Il percorso fino alle semifinali.
Il percorso del Marocco in questo mondiale è stato a dir poco appassionante, e non solo per il gioco mostrato in campo.
LA FASE A GIRONI: La nazionale parte nettamente sfavorita in un girone che la Croazia e il Belgio avrebbero dovuto dominare senza troppe fatiche, e invece è il Marocco a mettersi tutti dietro arrivando primo da imbattuto e subendo un solo goal.
GLI OTTAVI DI FINALE: Agli ottavi, Zyech e i suoi compagni vincono nell’impresa di eliminare la Spagna ai calci di rigore dopo una partita di sacrificio e concentrazione. Decisivo il portiere marocchino, Bono che para due rigori su tre sbagliati dalla nazionale spagnola, mentre Hakimi segna il rigore decisivo con lo scavetto.
I QUARTI DI FINALE: “Prima della partita, ai miei giocatori avevo detto che dovevamo scrivere la storia per l’Africa. E ora sono molto, molto felice.” Sono queste le parole nel postpartita del CT della nazionale marocchina Walid Regragui, parole che escono dalla bocca e dal cuore dell’uomo che ha guidato la sua nazionale a qualificarsi anche alle semifinali del Mondiale, battendo il Portogallo per 1-0 con goal di En-Nesyri.

Ma arriva la Francia
L’esito di Francia-Marocco, che decide l’eliminazione del Marocco dal Mondiale, ha dimostrato che le favole del calcio non sempre si concludono con un finale felice, ma ciò non significa che non restino nonostante tutto delle belle favole, indimenticabili e commoventi, ma anche d’ispirazione per chi spesso dimentica che non si sogna solo da bambini, quando si pensa di vivere in un mondo idilliaco e senza ostacoli, ma spesso quegli stessi ostacoli si possono superare, grazie alle proprie forze ma anche al supporto degli altri, che in questo caso specifico è stato l’amore di un intero popolo, un popolo in cerca di rivalsa, un intero paese a lottare al fianco degli undici in campo, in uno straordinario viaggio che ha fatto ricredere chiunque sull’esistenza dei miracoli.
Decidiamo di parlare del Marocco perché è importante sottolineare e ricordare il fatto che la sua eliminazione dal Mondiale dovuta proprio alla sconfitta contro la Francia abbia un significato che ritrova le sue declinazioni fuori dal mondo del calcio, e si lega a quel concetto di libertà di cui si stava parlando, tanto importante da essere stato scelto come titolo dell’articolo stesso e fulcro e cuore della storia di oggi.

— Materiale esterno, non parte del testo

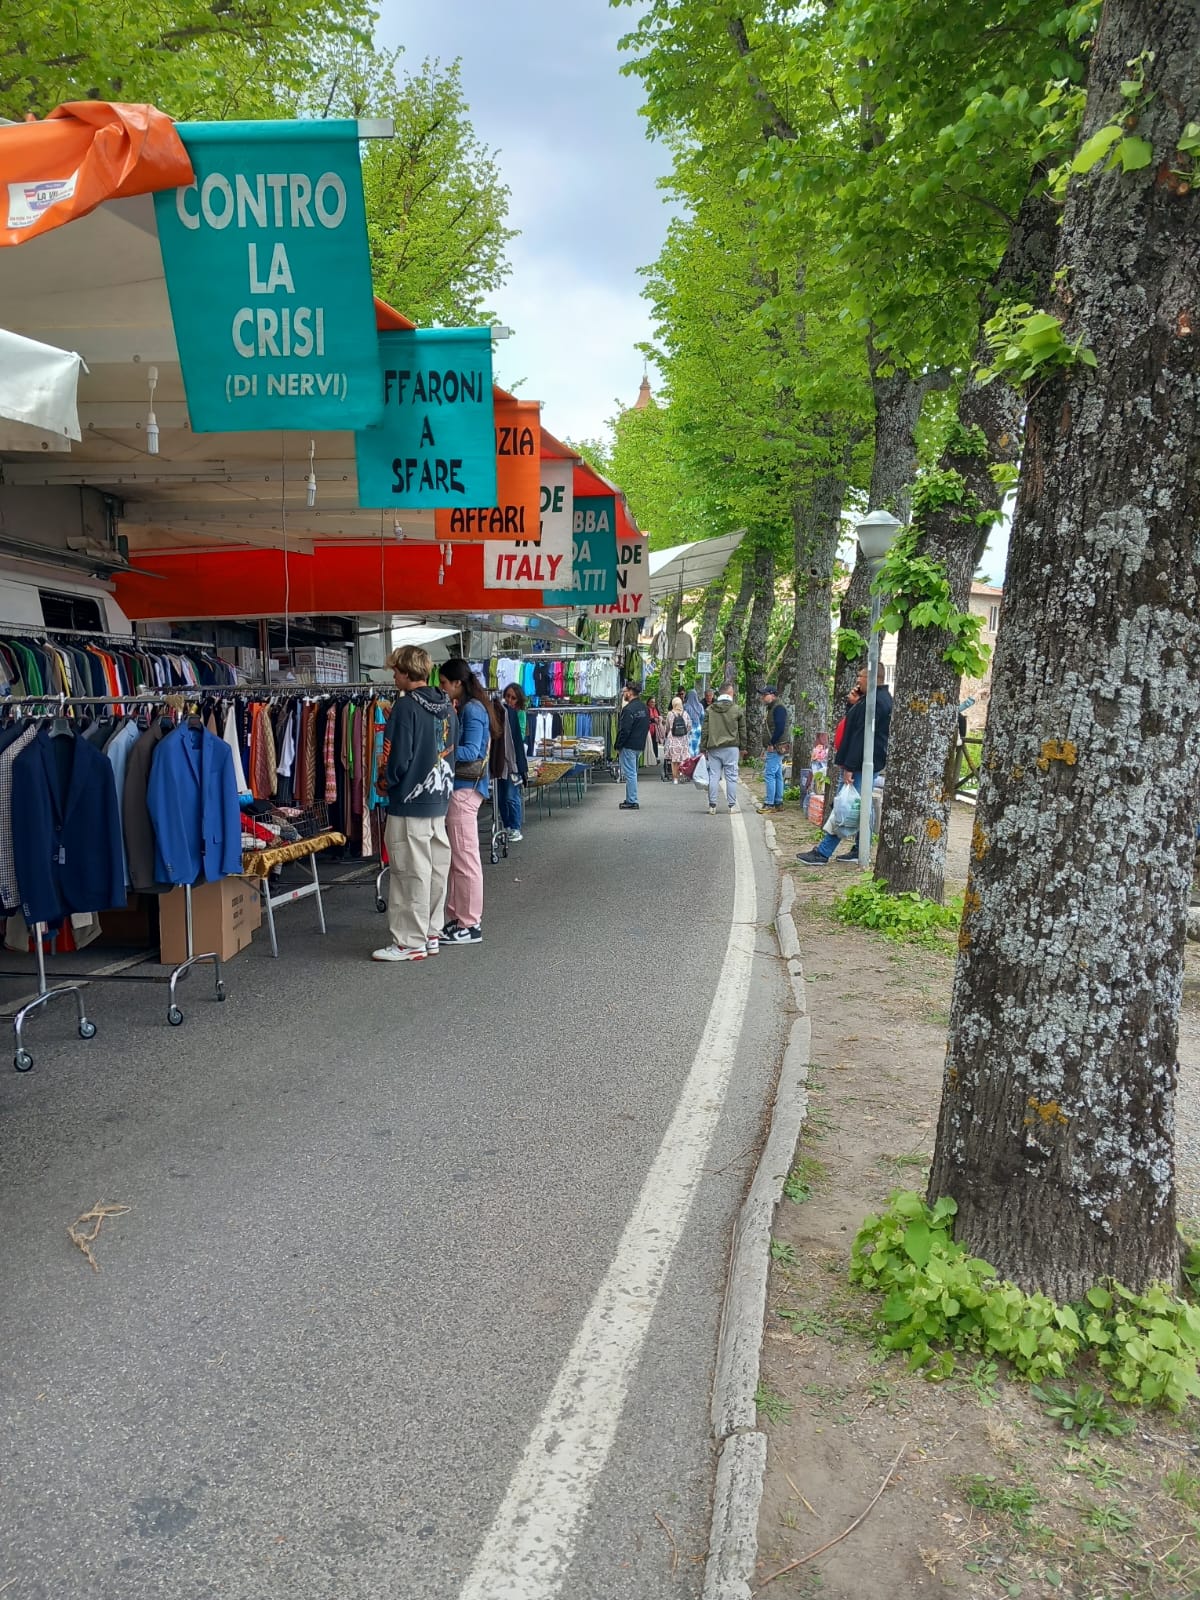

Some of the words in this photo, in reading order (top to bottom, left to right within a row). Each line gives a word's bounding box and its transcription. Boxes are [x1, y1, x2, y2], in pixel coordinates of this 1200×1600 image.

PERCHE’ “NON È SOLO CALCIO”?
Non è solo calcio perché è il riflesso di una politica sociale fallimentare, di una storia che è tutto tranne che una favola e di una volontà di decostruire un postcolonialismo che continua ad avere conseguenze terribili sulla situazione dei paesi ex colonie delle grandi potenze imperialiste, imperi nazionalisti e razzisti che hanno basato la propria forza ed espansione su una conquista coloniale mondiale sconsiderata e illimitata, nella totale mancanza di rispetto dei popoli, che per anni subirono un’imposizione violenta di sottomissione della propria cultura a favore di un’occidentalizzazione forzata che ha avuto, e ha tutt’oggi, conseguenze drammatiche sul popolo, sulla società, sui governi e sulle guerre, che non sono mai fermate.
E non è forse uno scherzo del destino che le squadre che il Marocco ha incontrato durante il suo percorso di arrivo alle semifinali abbiano avuto a che fare con la colonizzazione del Paese magrebino?
IL BELGIO - Affrontato nei gironi, il paese belga non ha mai formalmente colonizzato il Marocco, ma ha fatto parte degli amministratori occidentali della cosiddetta area internazionale di Tangeri, dal 1923 fino all’indipendenza del Marocco nel 1956.
LA SPAGNA - Eliminata ai quarti, è la nazionale di calcio del paese che si è spartita il Marocco con Parigi nel 1912, occupando una parte nord del Paese magrebino e una fascia meridionale verso il Sahara.
IL PORTOGALLO - Uscito sconfitto agli ottavi, è il paese che all’inizio del suo processo coloniale, quando si parlava di Regno del Portogallo, occupò Ceuta (1415) e, nei cento anni successivi, diverse città costiere marocchine fino a circa la metà del XVII secolo, quando finalmente le popolazioni autoctone sono riuscite a cacciare i portoghesi.
E il colpo di grazia arriva in semifinale con la Francia. Dopo la partizione con la Spagna nel 1912, è la Francia che impose il regime del protettorato sul Marocco, finito poi nel 1956 con l’indipendenza del Paese. Ma è necessario approfondire meglio se si vuole dare il giusto valore alla storia geopolitica di questo Paese.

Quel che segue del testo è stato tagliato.